On top of Mt Misen there are many different temples to visit, including the only temple in Japan that worships ogres. Unfortunately for me and Linaka, it was late in the day and we had spent most of it exploring the lower areas of the island. If we had a little more time, we would have trekked up the mountain to the highest point and seen these unique temples.

The many temples of the island

If you like visiting temples, then you came to the right place. Miyajima Island has many temples you can visit. The very first temple that we saw was Itsukushima Shrine. The best time to visit the shrine is in the early morning when the tide is high or in the evening. During the day, the tide is low and most of the land is exposed. There is also a large torii gate which is normally in the water, but when the tide is out, you can actually walk to the gate.

Tahoto Pagoda on Miyajima

There is also a large 5 story pagoda next to Toyokuni Shrine. It’s just a few minutes walk from Itsukushima and you have to climb up some stairs to get to it. There may be another path to get to the shrine, but I only saw stairs.

One of the nicest pagodas to visit is Tahoto pagoda. It is located to the east of the island and can be a little tricky to find. You have to find the Treasure Hall first and close to it is a set of steps that take you up the hill to Tahoto pagoda. It’s a small pagoda at 15 meters, but it is unique and beautiful. The pagoda itself is surrounded by cherry blossoms and the architecture of the pagoda is built in Japanese style with Chinese and Indian influences. I am not sure if they hold celebrations there, but it looks like some lanterns are lit up at night around the pagoda.

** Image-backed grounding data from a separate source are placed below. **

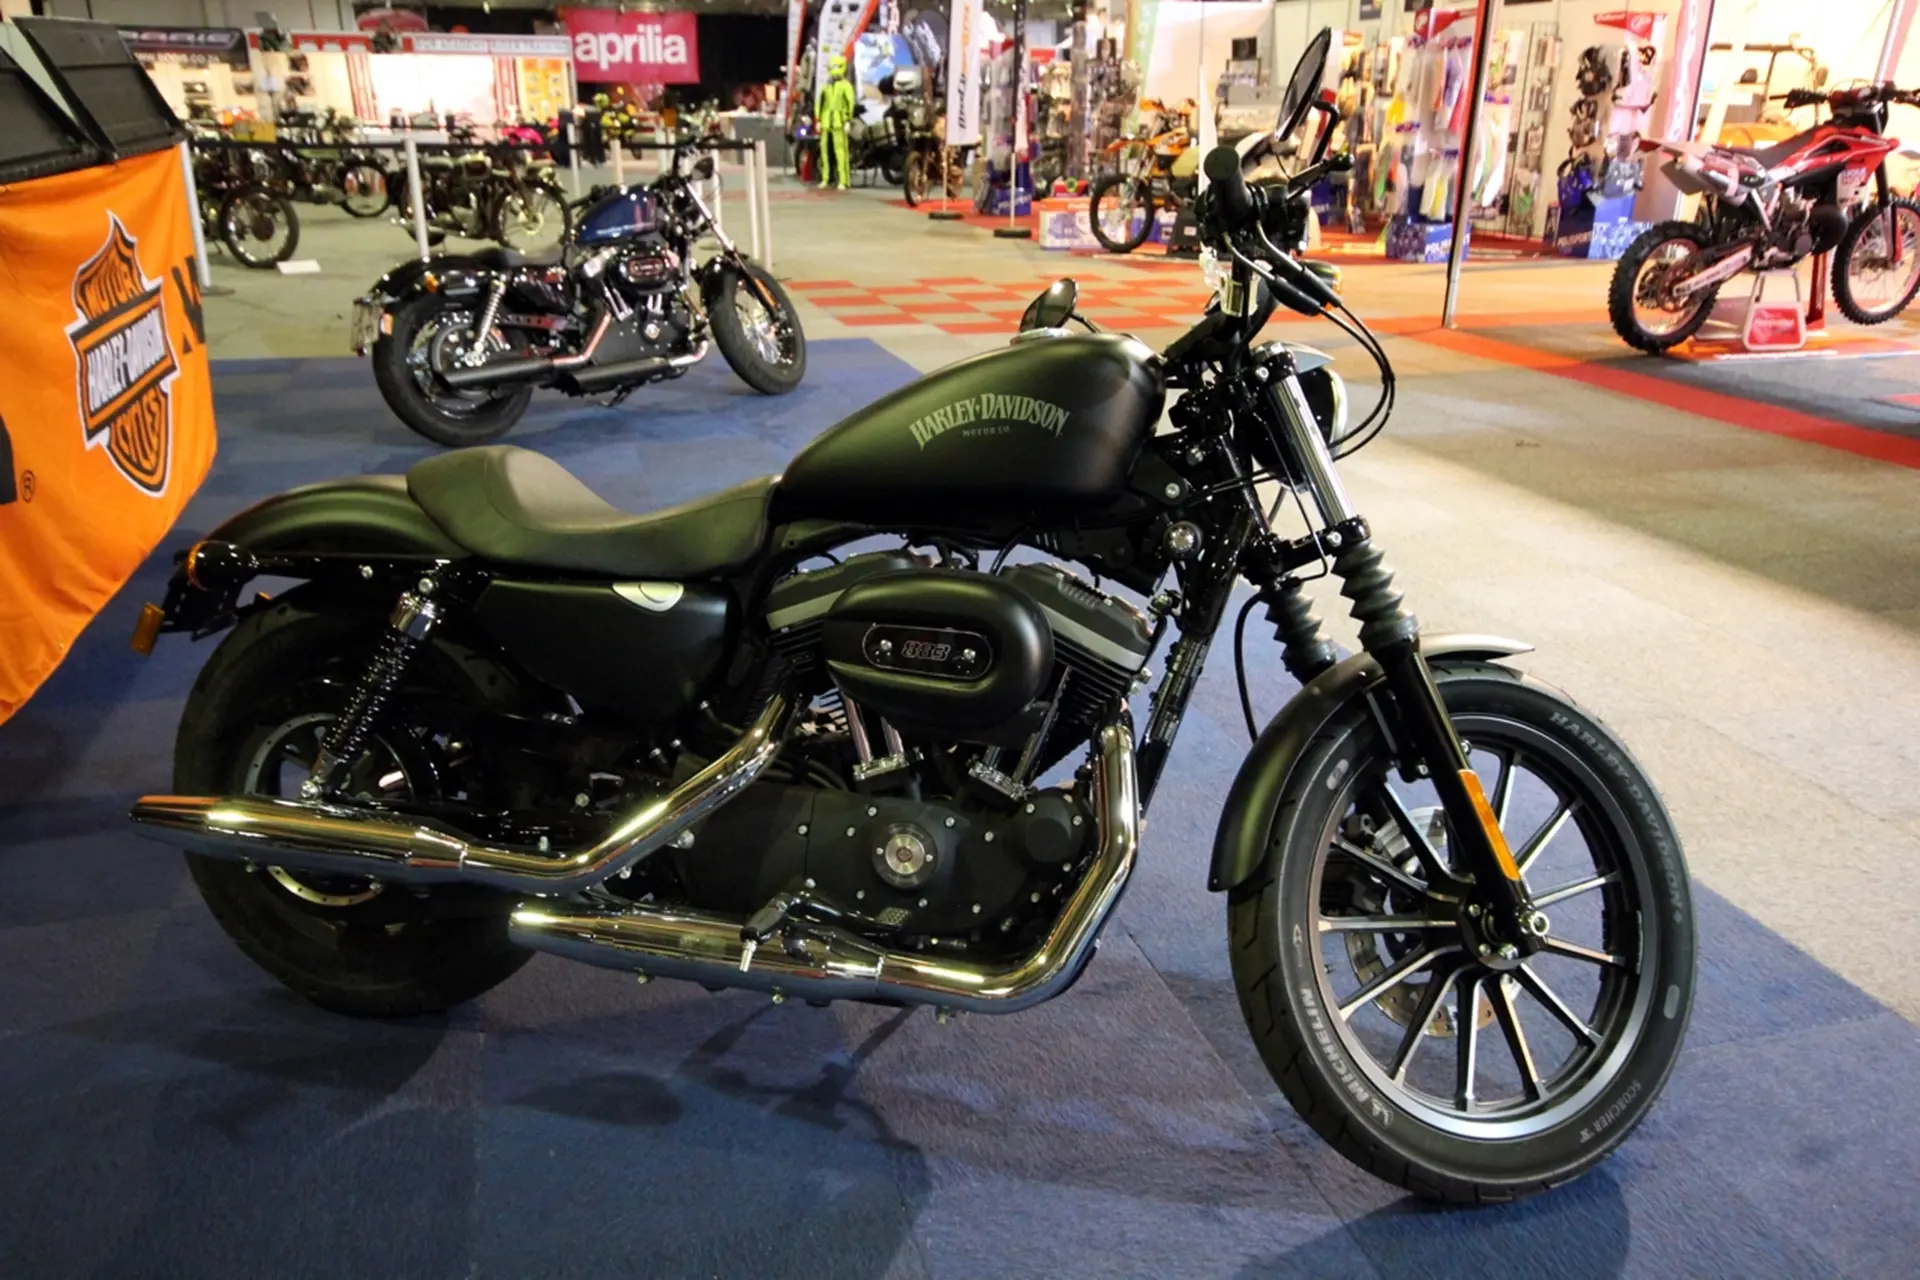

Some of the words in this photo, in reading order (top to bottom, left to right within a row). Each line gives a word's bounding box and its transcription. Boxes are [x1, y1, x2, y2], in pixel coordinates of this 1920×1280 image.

[576, 24, 688, 71] aprilia
[962, 426, 997, 438] MOTOR
[901, 640, 951, 661] 883
[1300, 987, 1370, 1104] MICHELIN
[1592, 1079, 1642, 1132] SCORCHER
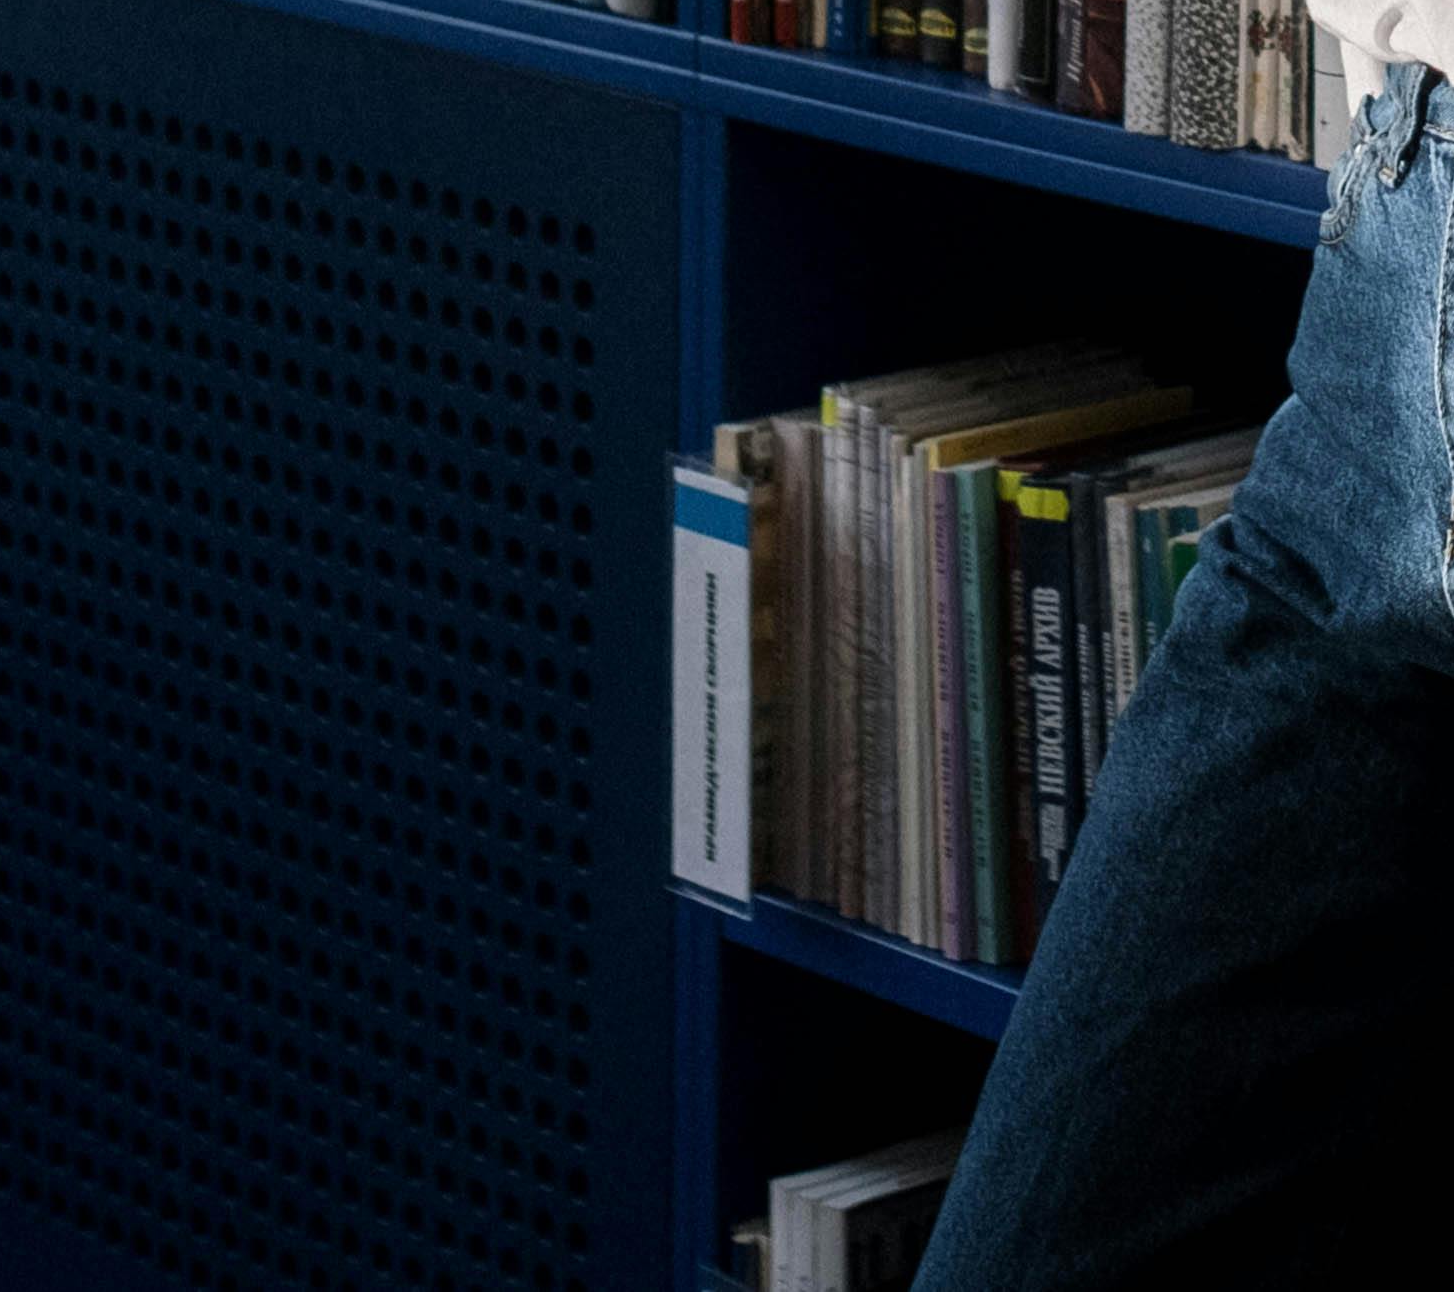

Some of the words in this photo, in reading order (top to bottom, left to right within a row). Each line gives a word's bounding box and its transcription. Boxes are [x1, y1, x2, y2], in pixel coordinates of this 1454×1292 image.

Daishoin Temple lights on Miyajima

Lastly, Daishoin Temple is beautiful to visit. You can tell by looking at the ancient temples that the buildings are Buddhist in nature. While I was there I saw a monk walk by. The temples blend in with the nature that surrounds them and at one of the buildings you could hear the chanting of monks. I am not sure if there were actual monks there or if there was a recording playing for everyone to hear. This temple has many statues. I am sure each statue represents someone or something but I am not sure. I walked around the temple and almost forgot that I was there as a visitor. It is a beautiful place to visit and an excellent point to relax and feel at peace.


Miyajima Island was an unexpected treasure. Sometimes I felt like the entire island could be an amusement park, but it is a peaceful and beautiful place to visit. There are many shrines, local markets, nature trails and many domestic deer that are eager to eat your clothing. If there is a peaceful place on Earth that you would like to visit, this is perhaps one of the best candidates to consider. Tomorrow we leave for Kyoto where we will spend about a week. If you’d like to share you experience of Miyajima feel free to do so in the comments section below.

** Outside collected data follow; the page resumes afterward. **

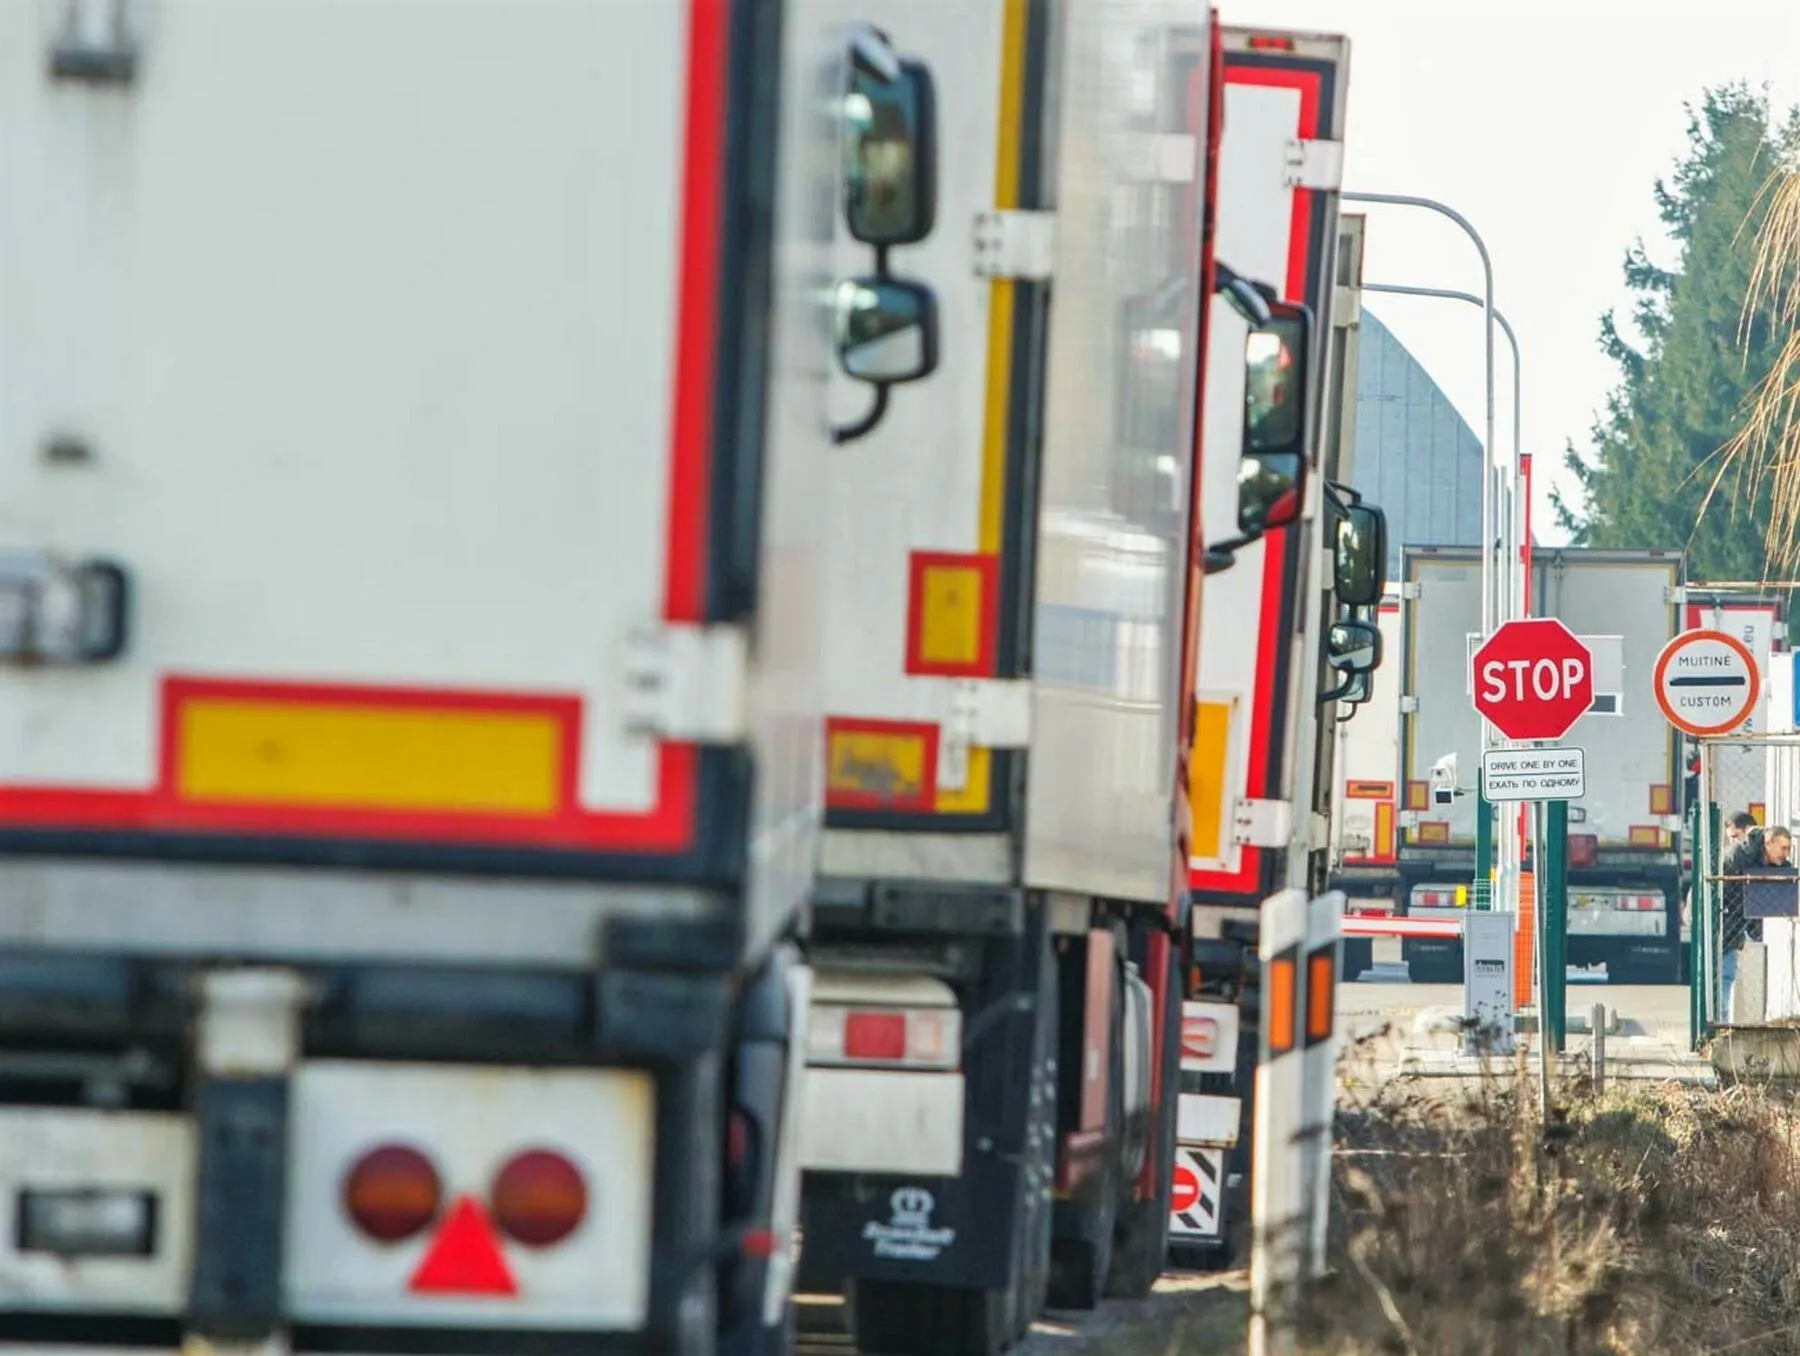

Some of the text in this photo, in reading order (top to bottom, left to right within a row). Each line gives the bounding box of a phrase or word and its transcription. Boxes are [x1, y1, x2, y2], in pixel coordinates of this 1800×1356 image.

[1678, 654, 1732, 667] MUITINĖ
[1482, 658, 1585, 703] STOP
[1680, 696, 1732, 708] CUSTOM
[1490, 759, 1577, 771] DRIVE ONE BY ONE
[1489, 778, 1580, 789] ЕХАТЬ ПО ОДНОМУ

Day 9: Visiting Hiroshima, a day to remember

The Atomic Dome in Hiroshima

I never thought I would ever visit Hiroshima. It was one of those places which never crossed my mind before, but today Linaka and I were visiting the city and the iconic Atomic Bomb Dome. Before coming here, Linaka and I had discussed whether to make this one of our destinations. I was a little reluctant to visit but after discussing it for a while, we decided it should be one of our stops on our Japan trip.

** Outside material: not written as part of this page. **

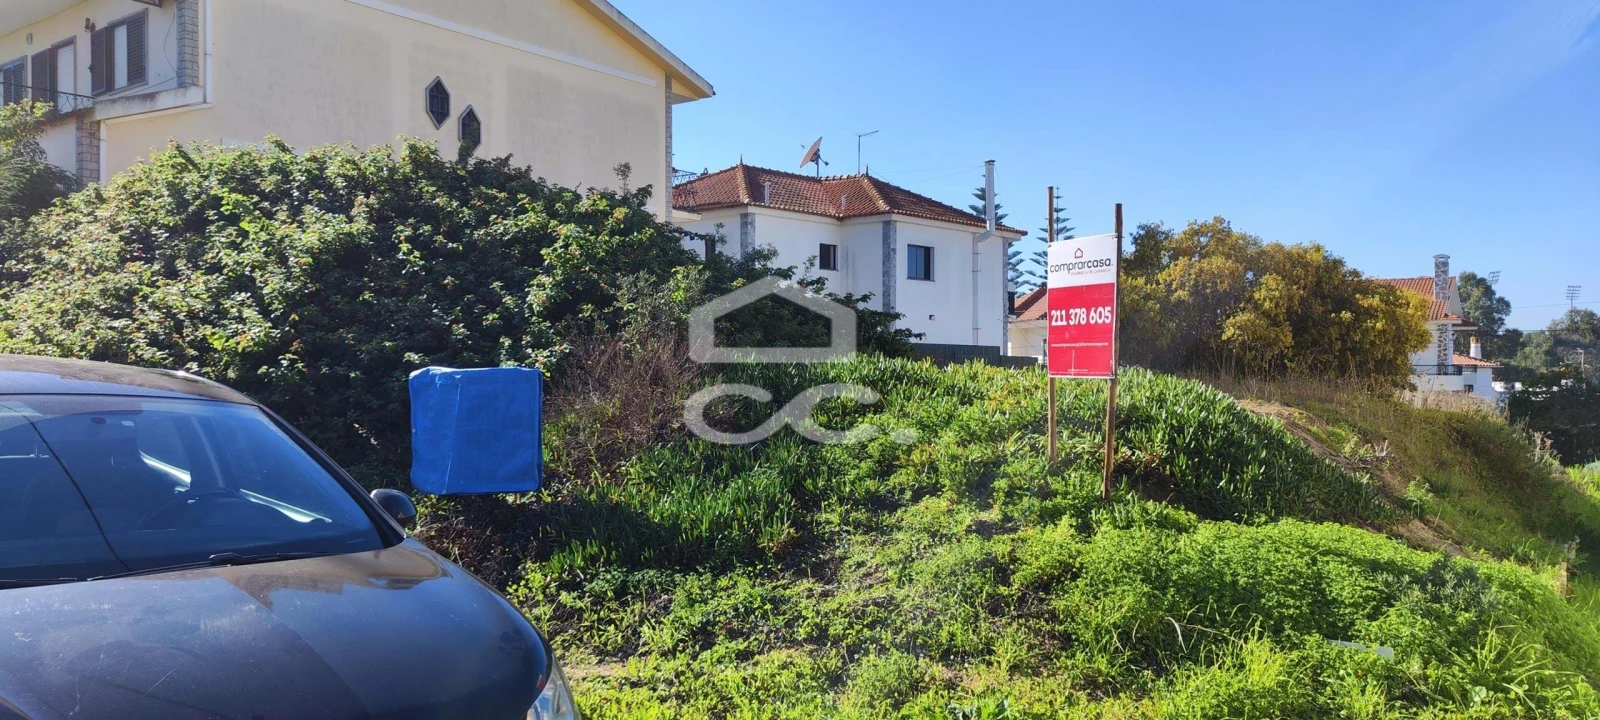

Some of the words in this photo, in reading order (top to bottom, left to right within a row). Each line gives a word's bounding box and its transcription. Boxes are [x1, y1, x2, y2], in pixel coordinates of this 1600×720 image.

[1051, 309, 1067, 326] 211
[1069, 307, 1087, 326] 378
[1089, 306, 1112, 324] 605

Your can read Linaka’s article for the day here: “Day 9: The road to Miyajima; Hiroshima

The Hiroshima Atomic Bomb Dome

Hiroshima is well known around the world for being one of 2 cities to have been bombed by an atom bomb during World War II. Much of the city was destroy but one structure partly survived which has become an icon to remember, the Atom Bomb Dome. Some how the Atom Bomb Dome survive the destruction of the city and today I stood before it. I love history and to see such a powerful symbol was awe-inspiring. I was a bit speechless there. There were inscriptions in granite as well as small monuments around the structure, but the structure itself is the main reason people visit.

Hiroshima Atomic Dome

I wish I had more time to spend in Hiroshima, I did not think there would be other sites to visit within the city. There is a sight seeing bus from Hiroshima train station and you can take a tram straight to the Atom Bomb Dome. Besides that, other monuments have been rebuilt such as Hiroshima castle and Shukkeien Garden. Additionally, there are many other places to visit as well as exploring the city itself.

Hiroshima Atomic Dome


It was a great day to visit the city. We left Osaka on a cloudy morning and arrived on a sunny afternoon in Hiroshima. We did not have much time to explore the city so we made our way to the Atom Bomb Dome. It was a great experience seeing such an iconic structure which was a reminder of a devastating time. We ended our morning with a 2 hour tram ride to the main port where we took a ferry to Miyajima Island. Tomorrow we will spend a day in Miyajima Island and hope for another beautiful sunny day.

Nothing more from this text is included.